Rui Toscano

tem revelado, ao longo dos anos, uma capacidade invulgar para expandir o seu campo de possibilidades criativas, a partir do recurso a diferentes media (escultura, som, vídeo, instalação, desenho) e da constante abertura do leque de ideias, sistemas de referência e soluções formais com que trabalha. Neste processo de irradiação, identificam-se linhas de continuidade, ora mais circunscritas, ora mais distendidas, que correm paralelas, se sucedem e se cruzam, formando diferentes genealogias ou constelações mais pequenas de obras.
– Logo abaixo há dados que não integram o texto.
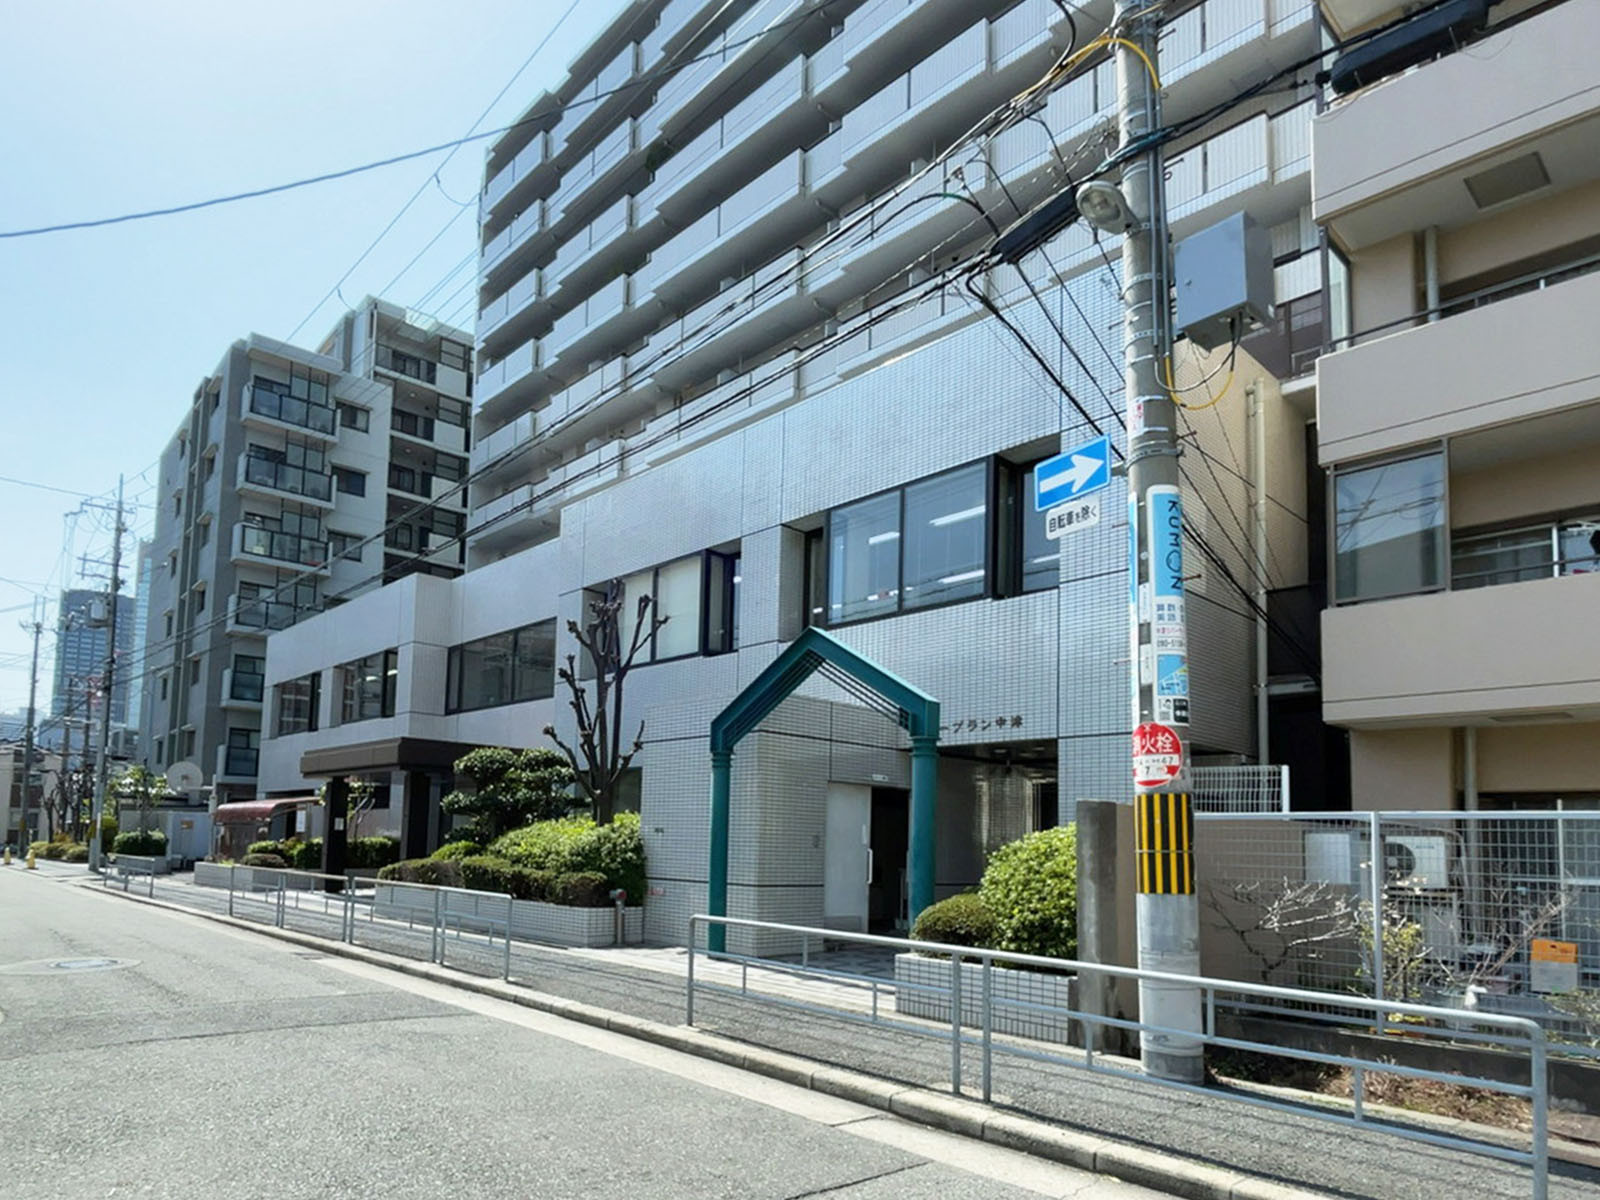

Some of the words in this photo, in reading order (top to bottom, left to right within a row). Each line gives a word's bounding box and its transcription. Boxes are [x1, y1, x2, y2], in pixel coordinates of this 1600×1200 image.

[1048, 504, 1097, 533] 自転車を除く
[1166, 499, 1183, 591] KUMON
Todavia, esses factores de agregação – por exemplo, determinado tipo de referências, um material como o rádio-gravador, o género da paisagem, a cidade de São Paulo como motivo, certas características e soluções de ordem formal – são inscritos num movimento centrífugo, num impulso de alteridade em constante actividade no interior do seu trabalho.
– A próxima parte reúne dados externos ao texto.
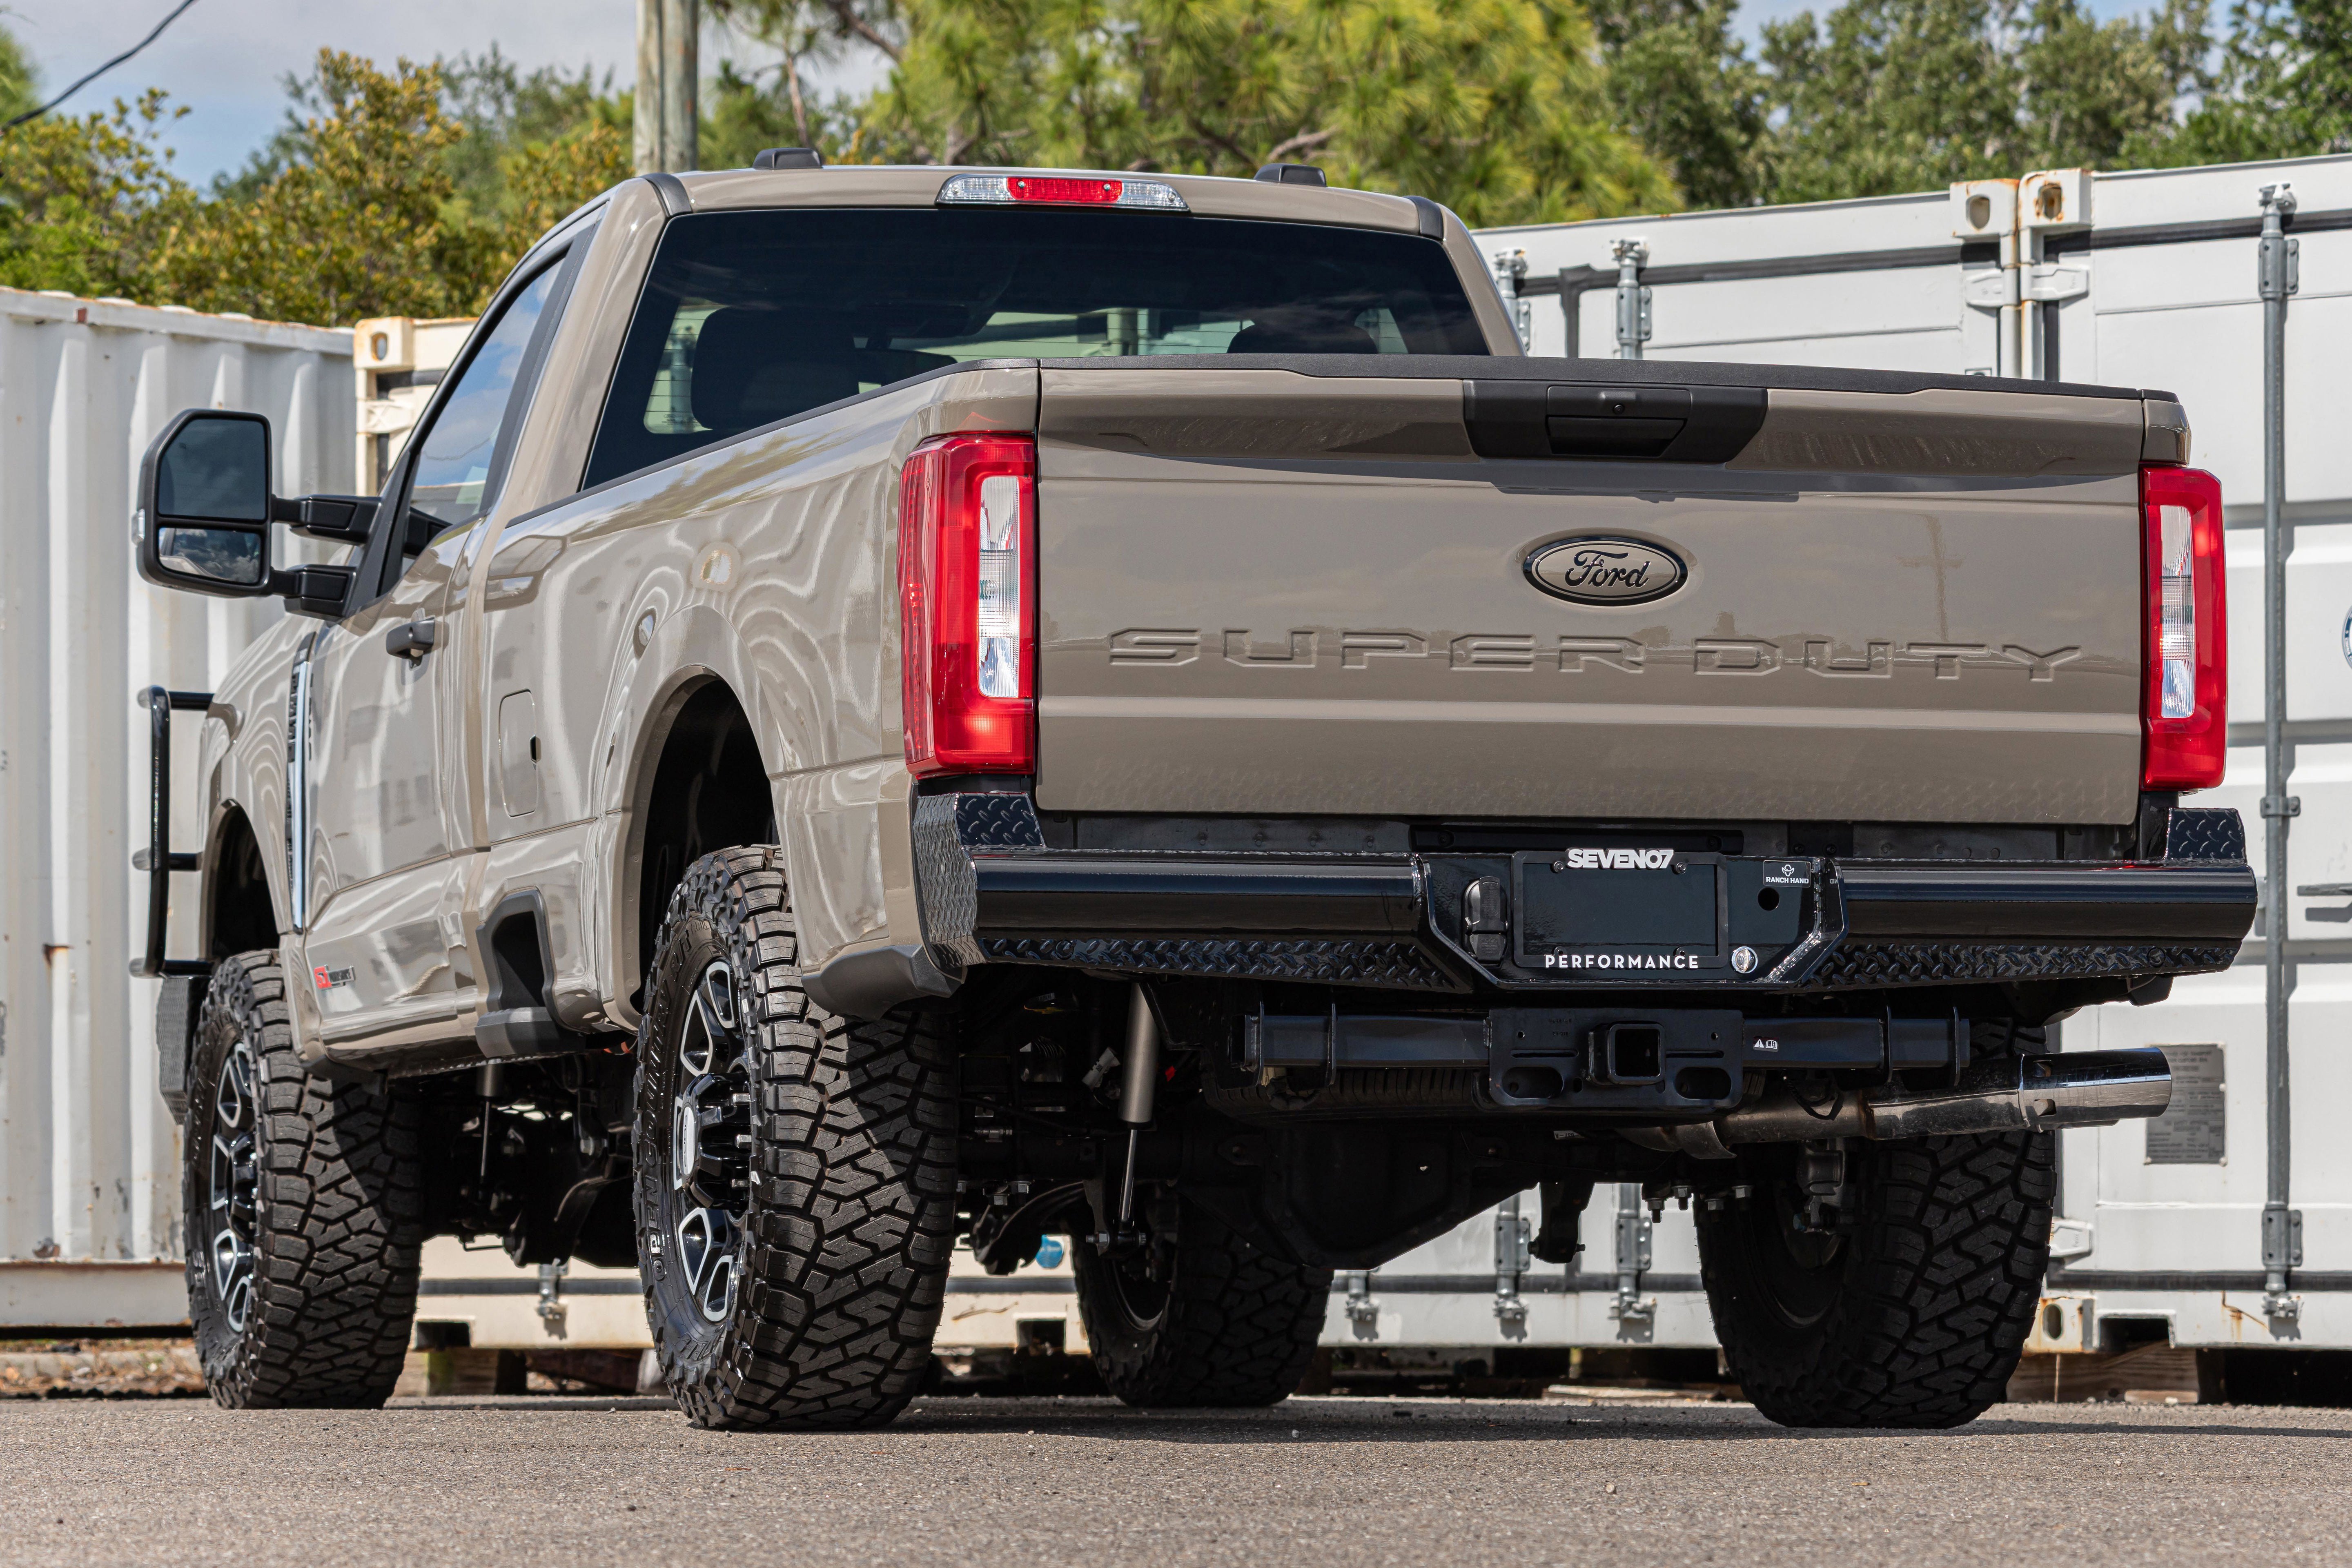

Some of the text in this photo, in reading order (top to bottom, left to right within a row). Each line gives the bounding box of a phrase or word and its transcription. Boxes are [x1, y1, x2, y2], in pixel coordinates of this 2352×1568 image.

[1565, 550, 1650, 588] Ford
[1109, 627, 2083, 682] SUPER DUTY
[1545, 954, 1698, 969] PERFORMANCE
[645, 1175, 666, 1281] OPEN
Numa primeira fase, entre 1994 e 1996, sobressai o interesse do artista por explorar referências, transferidas da sua vivência quotidiana, associadas à cultura rock e a certas expressões das culturas juvenis urbanas. É disso exemplo emblemático Bricks Are Heavy, de 1994, em que o duplo sentido da palavra “tijolo” (que, no jargão juvenil, designa o rádio-gravador portátil) funciona como ponto de partida na construção de um muro com catorze rádio-gravadores, cada um deles a tocar uma cassete gravada expressamente para esse efeito por um artista, músico, ou dj. Esta peça inaugurou uma genealogia, que se prolonga até hoje, em que o rádio-gravador é utilizado como elemento operativo no cruzamento entre objecto, som e linguagem. Desde então, o som enquanto matéria constitutiva da obra e da experiência da sua percepção tem sido uma característica saliente de grande parte do trabalho de Rui Toscano. No ano seguinte, realizou (They Say We’re Generation X, But I Say We’re Generation Fuck You!), treze rádio-gravadores alinhados na parede de modo a comporem a letra X, que reproduzem ininterruptamente a frase que dá o título à peça, exclamada durante um concerto por um mc dos Cypress Hill. Mais metafórica a primeira peça, mais tautológica a segunda, na relação entre forma e linguagem, são ambas significativas de uma tendência para uma abordagem formal reduccionista, para uma economia de meios expressivos, que atravessa o trabalho do artista e que, em determinados casos, estabelece fortes afinidades formais com o minimalismo.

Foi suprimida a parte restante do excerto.